Stanford's AI Index: China's Models Now Just 2.7% Behind the US
On April 13th, Stanford HAI (Institute for Human-Centered AI) released its annual AI Index Report. Hundreds of pages, considered the industry’s physical exam.
The headline finding: As of March 2026, Anthropic’s top models lead Chinese competitors like ByteDance by just 2.7% on comprehensive benchmarks covering language understanding, math reasoning, coding ability, and common sense.
2.7%. That’s a headline number.
Here’s how they got it. Stanford uses HELM (Holistic Evaluation of Language Models) across multiple dimensions. They ran every major model through the full suite and produced composite scores.

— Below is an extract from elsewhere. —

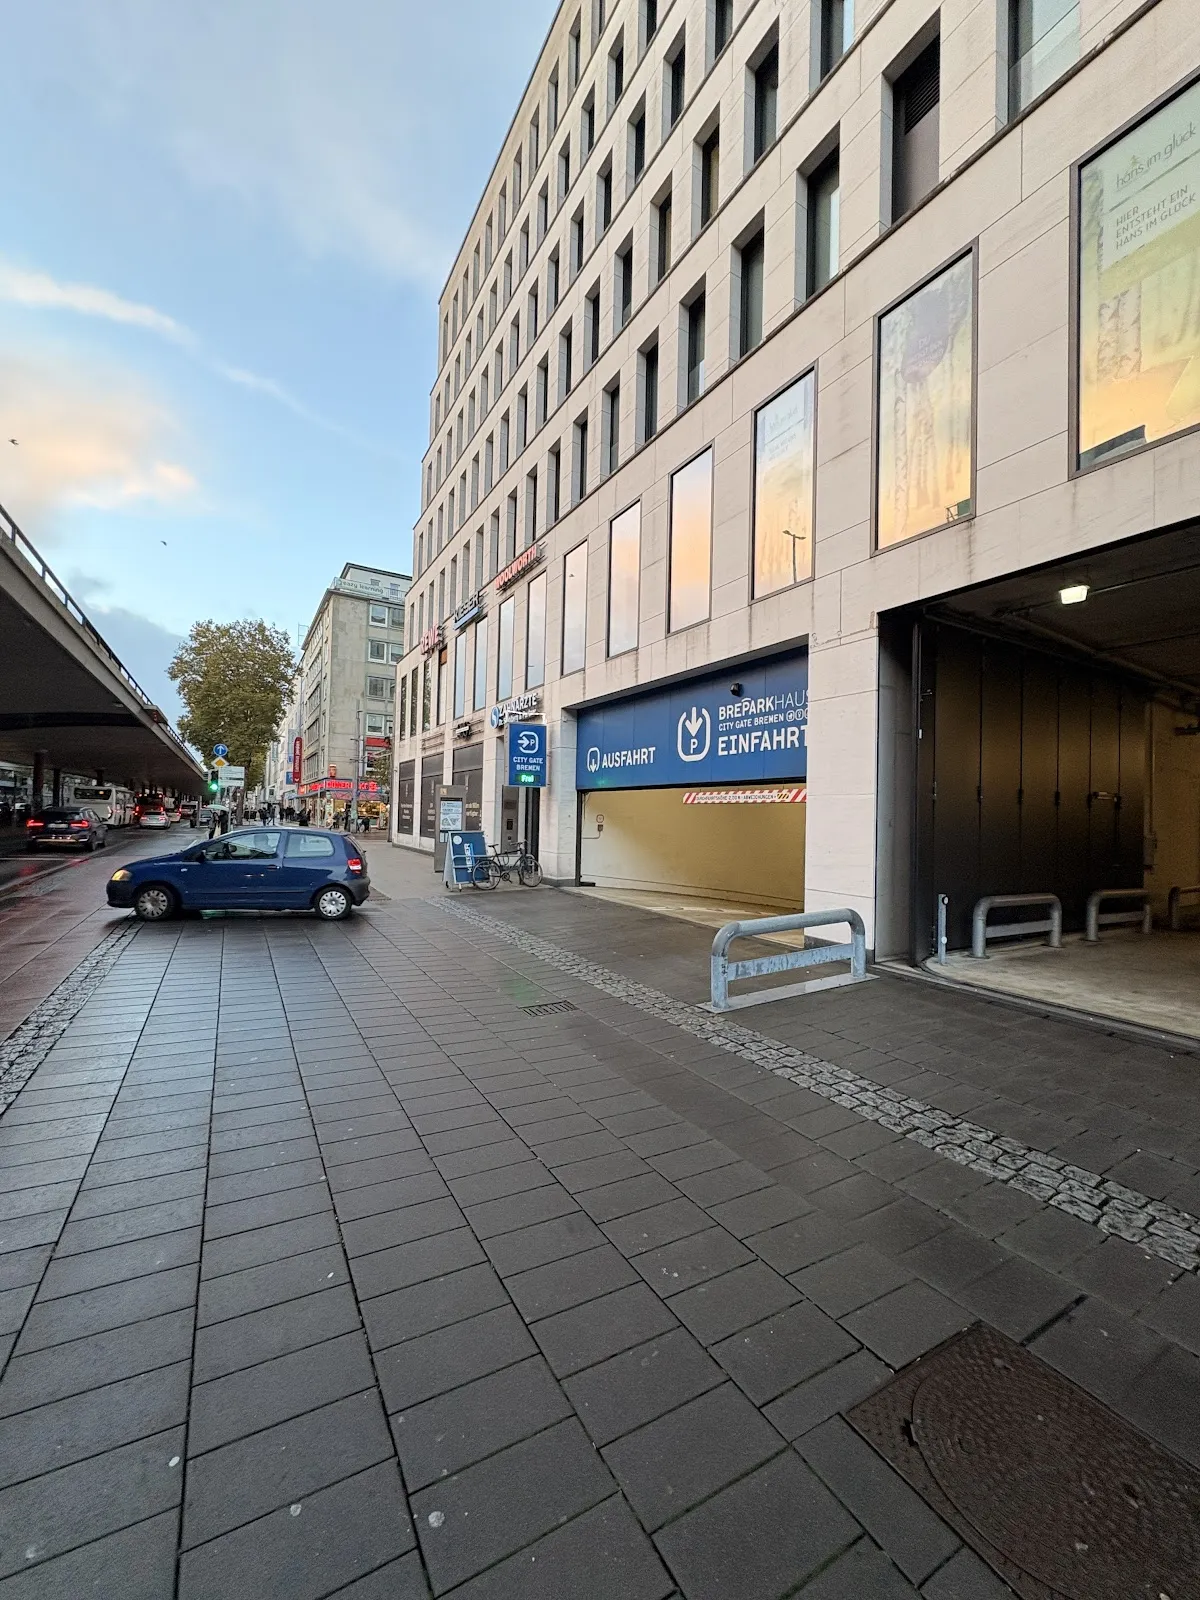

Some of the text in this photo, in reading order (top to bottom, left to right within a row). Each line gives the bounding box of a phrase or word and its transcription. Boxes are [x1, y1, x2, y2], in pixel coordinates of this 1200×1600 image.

Results: Anthropic’s Claude 3.7 Sonnet scored around 0.89. ByteDance’s Doubao scored 0.87. The 2.7% gap. But if you factor in confidence intervals, these actually overlap — statistically speaking, “America’s best” and “China’s best” are not significantly different.
This contrasts sharply with where things stood a year ago. April 2025’s report showed roughly a 15% gap. That’s quite a closing speed.
Why the rapid catch-up?
I see three factors. First, open-source models. Much of this追赶 comes from DeepSeek, Qwen, and GLM open-source models. They’re not building in isolation — they’re iterating fast on top of the open-source community, which lowers the barrier to entry and lets them leverage global code, data, and methodology.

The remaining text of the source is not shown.